(Records from a data source)
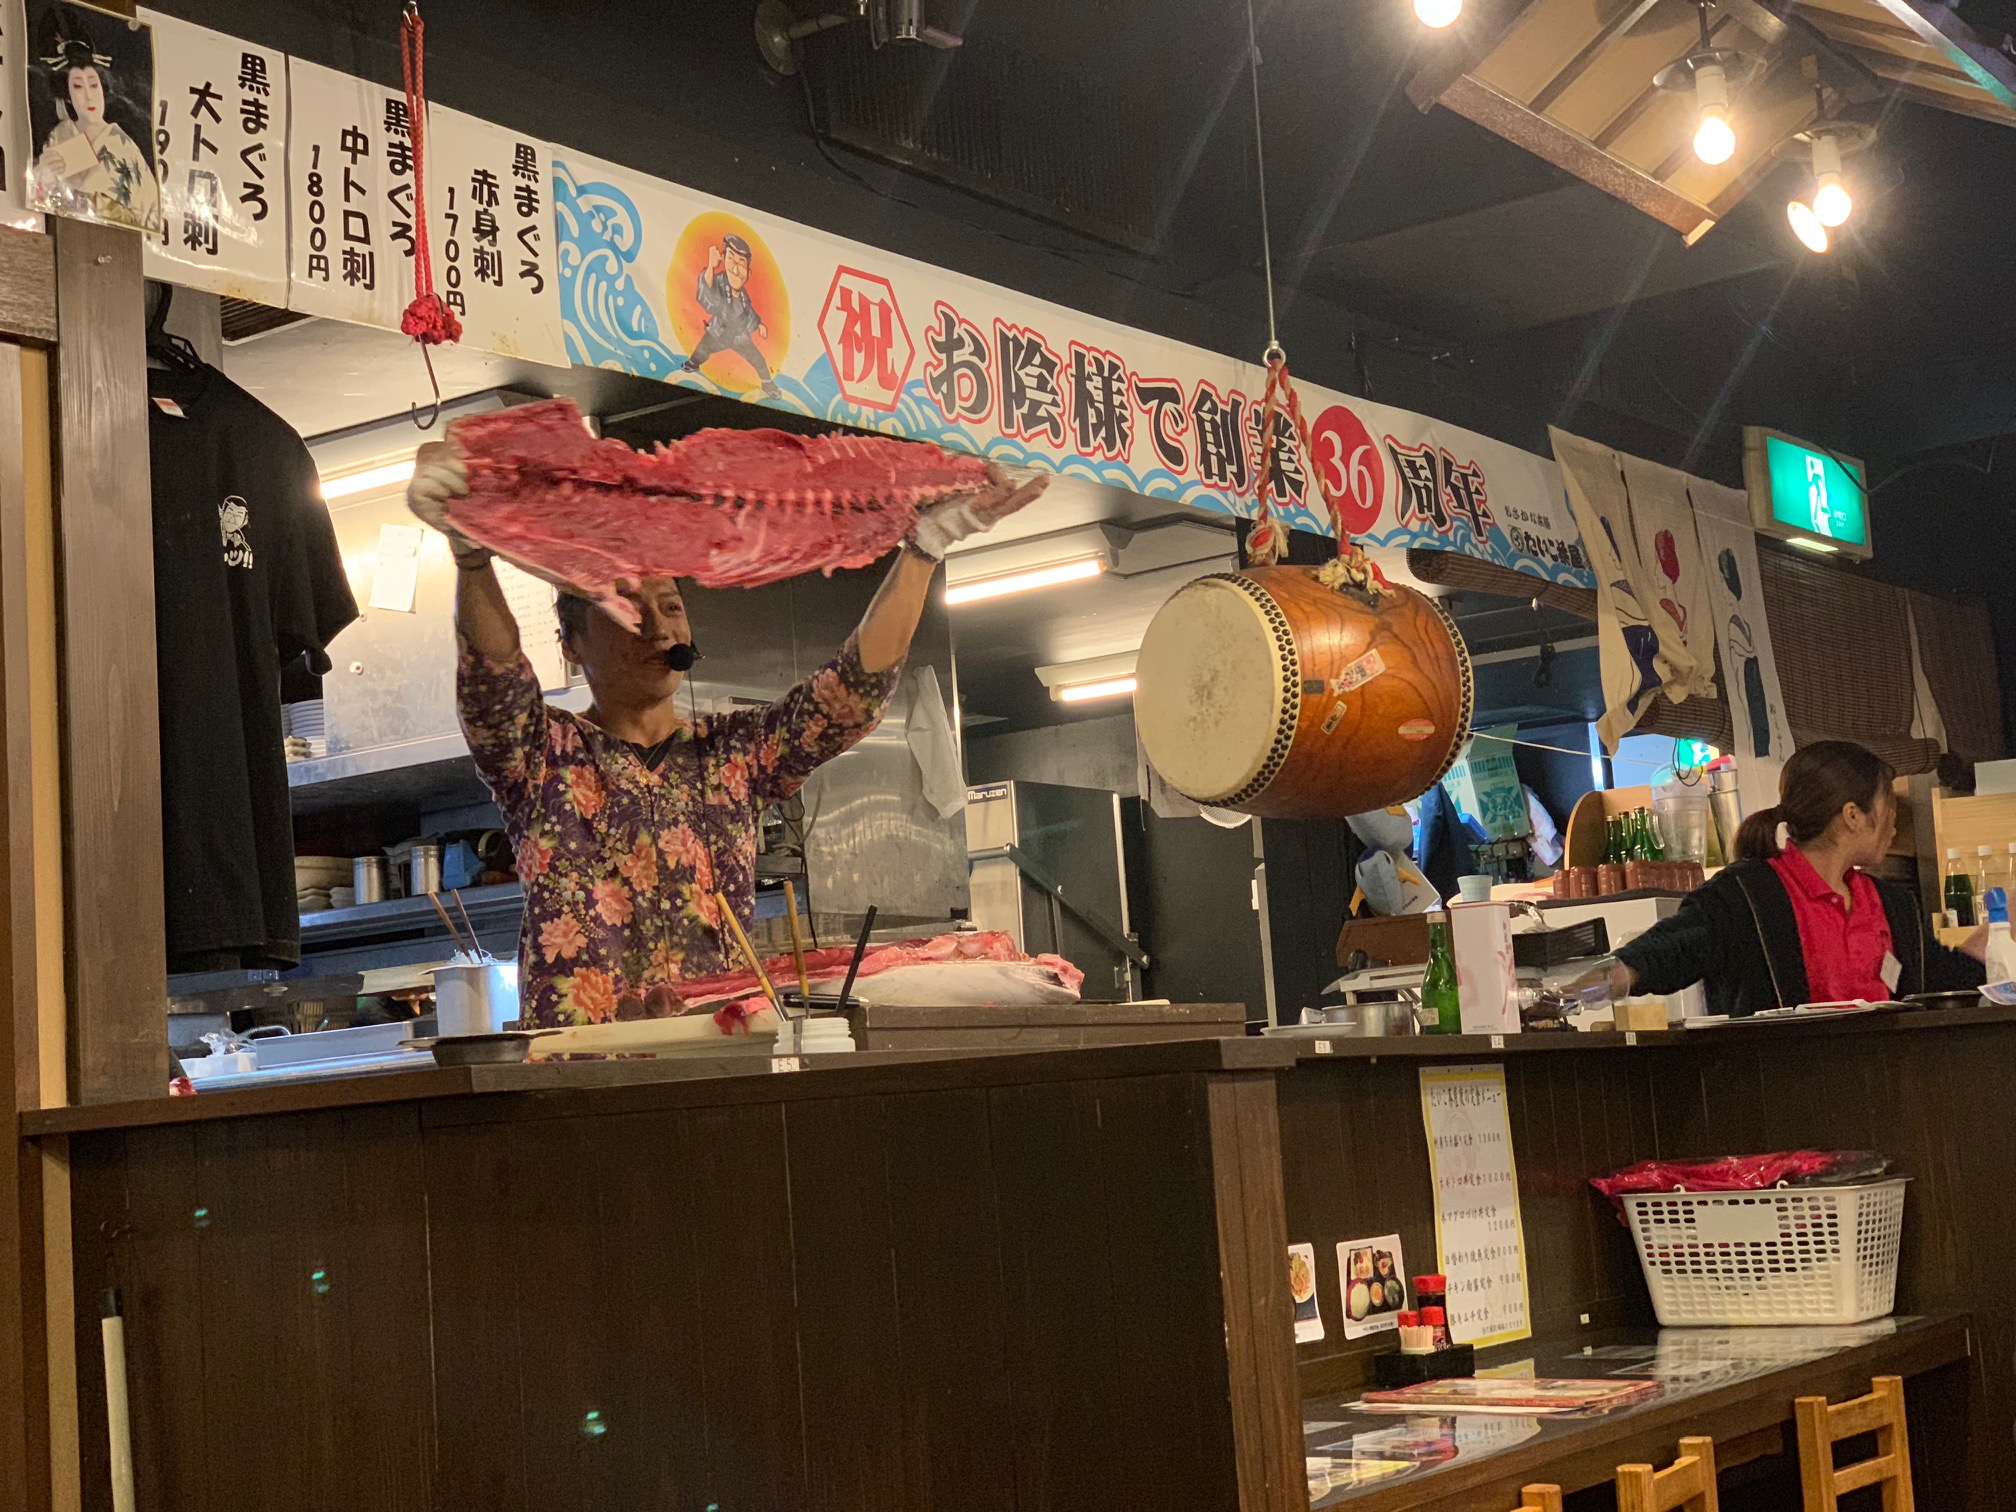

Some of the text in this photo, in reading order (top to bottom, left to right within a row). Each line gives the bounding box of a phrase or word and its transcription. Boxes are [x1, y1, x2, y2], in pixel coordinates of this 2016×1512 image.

[183, 81, 223, 256] 大トロ刺
[238, 52, 271, 221] 黒まぐろ
[383, 98, 416, 258] 黒まぐろ
[307, 145, 330, 283] 1800円
[340, 125, 375, 291] 中トロ刺
[444, 186, 466, 317] 1700円
[470, 168, 504, 287] 赤身刺
[512, 143, 545, 295] 黒まぐろ
[837, 287, 897, 386] 祝
[967, 788, 1007, 801] Maruzen
[778, 1058, 793, 1072] E5
[1487, 1219, 1515, 1231] 1200円
[1500, 1272, 1521, 1285] 900円
[1503, 1302, 1524, 1316] 900円
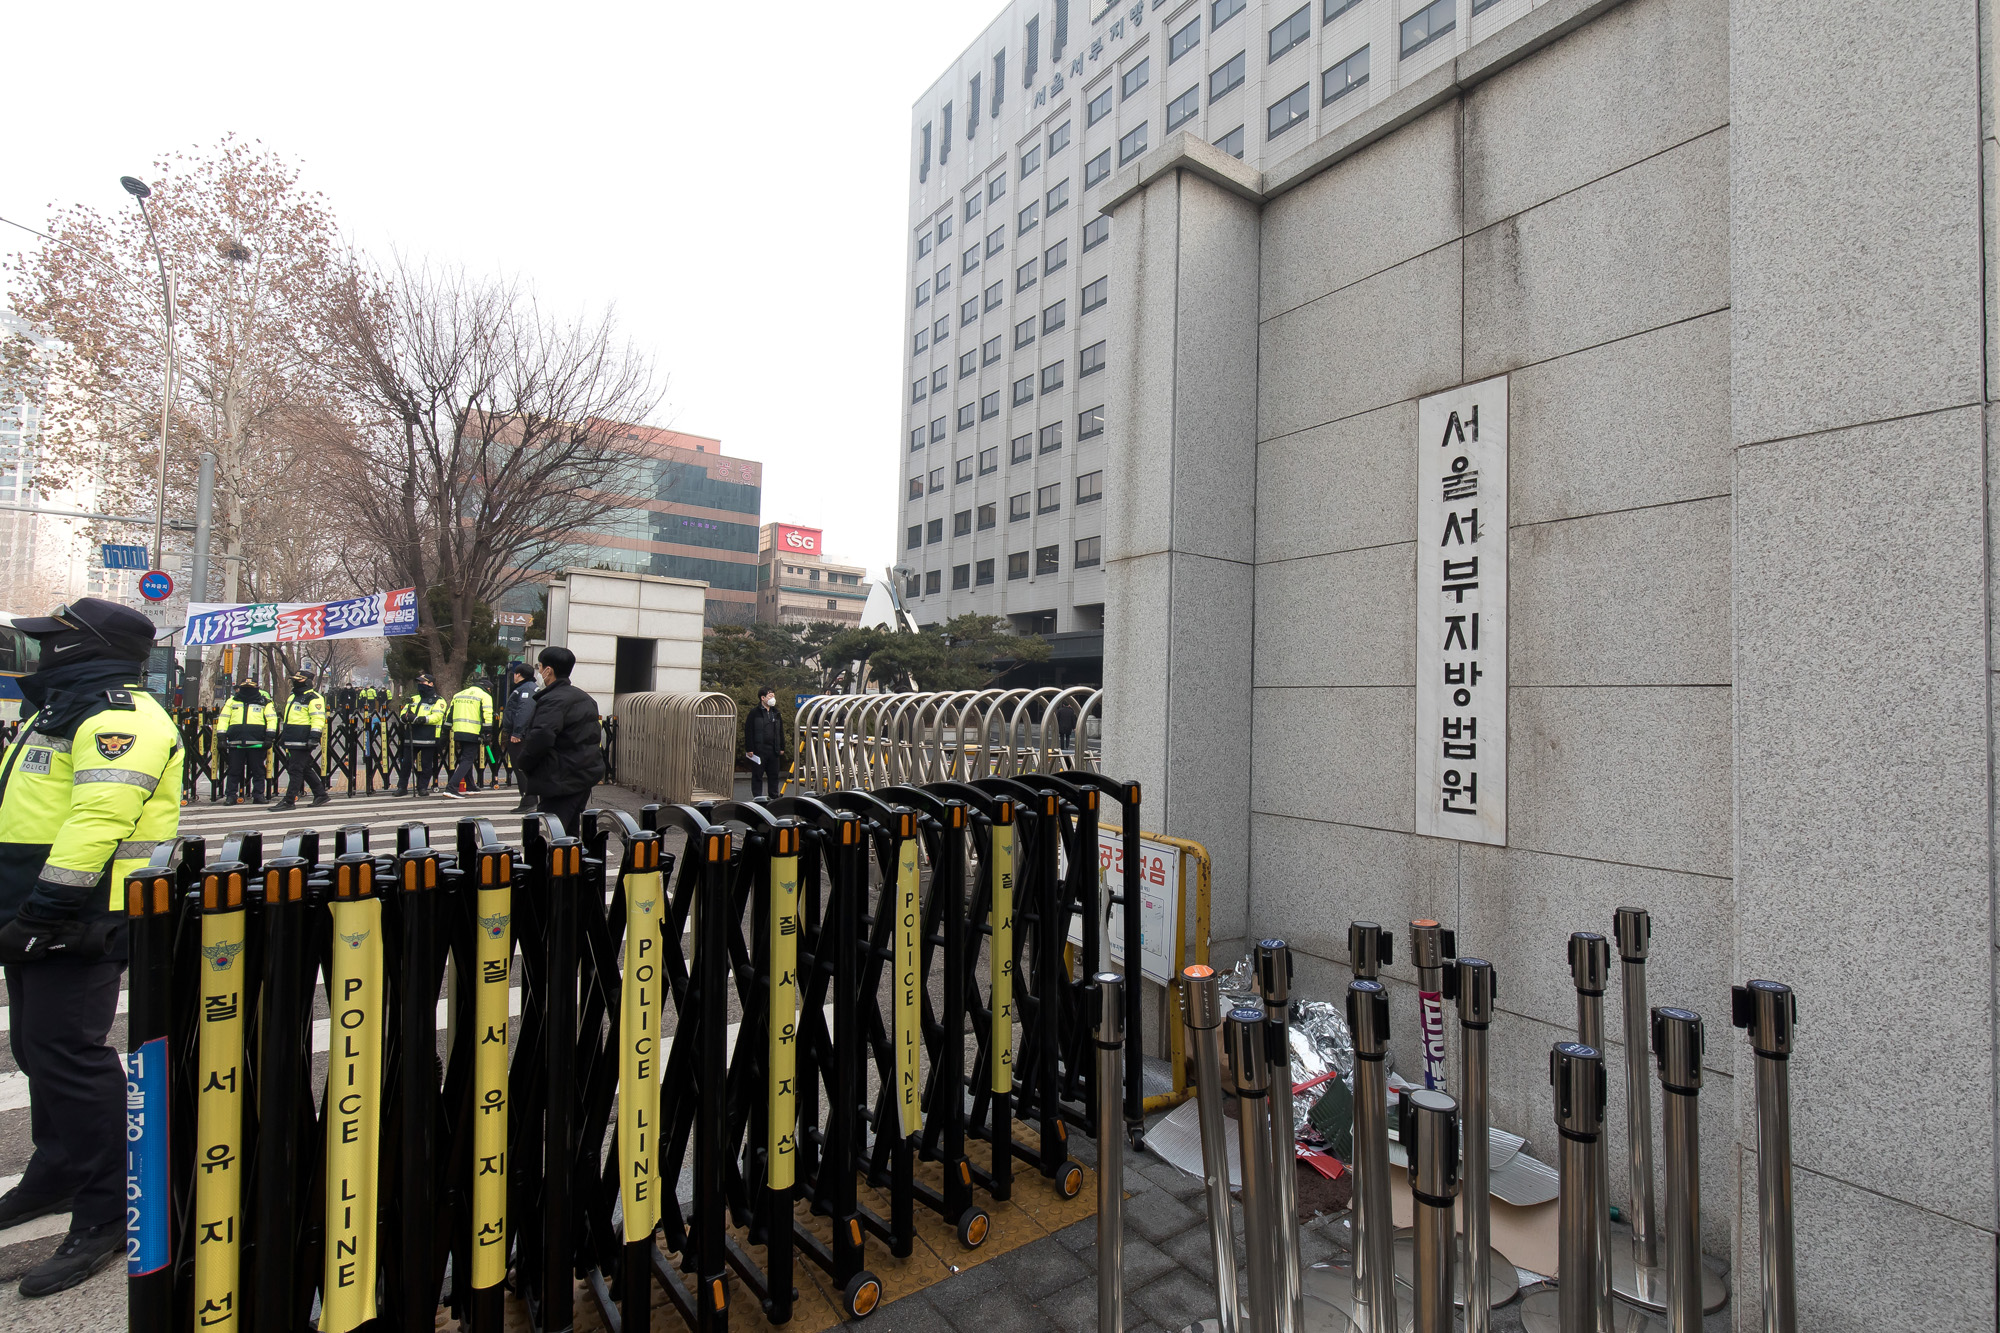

» REQUIRED ACTION
What you give back must match the entries exactly, apart from the omitted pictures.

» PROBLEM SOLUTION
Some of the text in this photo, in reading order (top to bottom, left to right within a row). Each line gives the bounding box of a phrase or word and its transcription. Boxes are [x1, y1, x2, y2], in pixel coordinates of this 2016×1512 image.

[183, 81, 223, 256] 大トロ刺
[238, 52, 271, 221] 黒まぐろ
[383, 98, 416, 258] 黒まぐろ
[307, 145, 330, 283] 1800円
[340, 125, 375, 291] 中トロ刺
[444, 186, 466, 317] 1700円
[470, 168, 504, 287] 赤身刺
[512, 143, 545, 295] 黒まぐろ
[837, 287, 897, 386] 祝
[967, 788, 1007, 801] Maruzen
[778, 1058, 793, 1072] E5
[1487, 1219, 1515, 1231] 1200円
[1500, 1272, 1521, 1285] 900円
[1503, 1302, 1524, 1316] 900円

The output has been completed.